BEGIN MATERIAL SHOWN

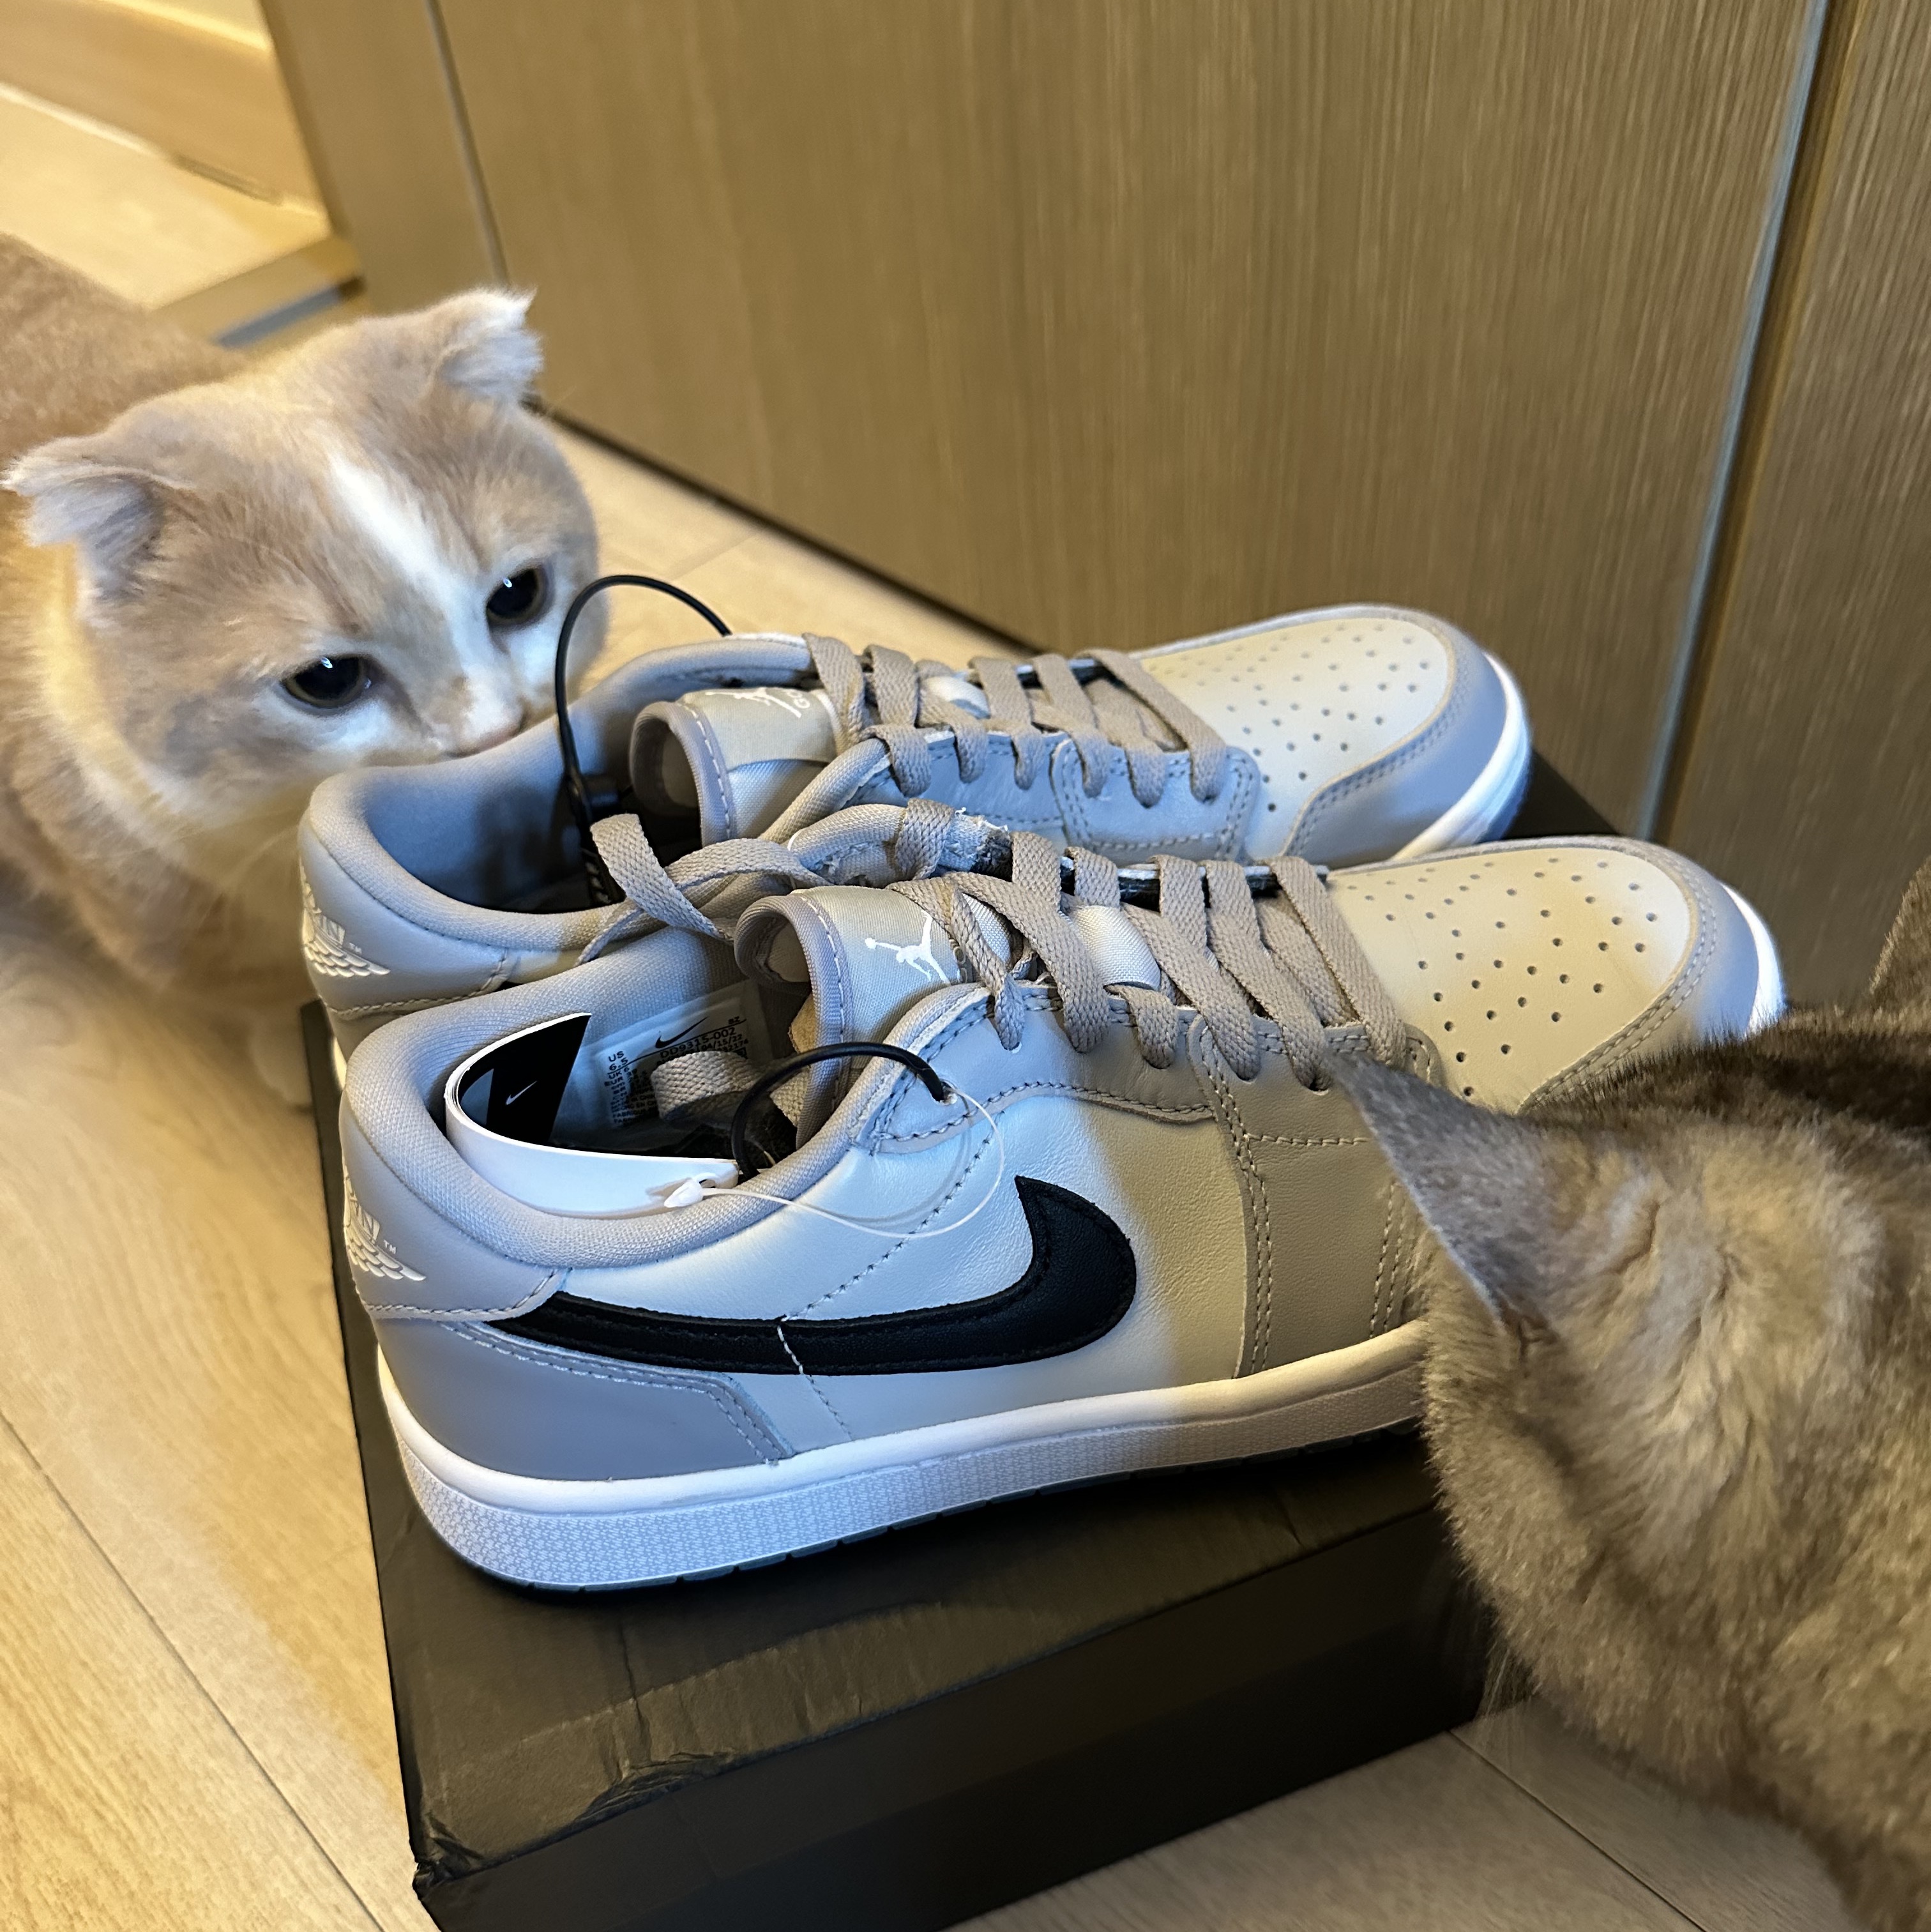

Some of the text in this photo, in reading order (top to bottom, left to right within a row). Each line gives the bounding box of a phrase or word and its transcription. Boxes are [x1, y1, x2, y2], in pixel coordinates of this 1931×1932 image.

[660, 1026, 736, 1058] DD9315-002
[609, 1051, 625, 1062] US
[609, 1057, 628, 1071] 6.5
[609, 1070, 623, 1079] UK
[383, 1239, 397, 1255] TM

END MATERIAL SHOWN

▶ _TASK ITEM_
Could the entries above be written out word for word, with no pictures?

▶ _EXERCISE RESULT_
Some of the text in this photo, in reading order (top to bottom, left to right within a row). Each line gives the bounding box of a phrase or word and its transcription. Boxes are [x1, y1, x2, y2], in pixel coordinates of this 1931×1932 image.

[660, 1026, 736, 1058] DD9315-002
[609, 1051, 625, 1062] US
[609, 1057, 628, 1071] 6.5
[609, 1070, 623, 1079] UK
[383, 1239, 397, 1255] TM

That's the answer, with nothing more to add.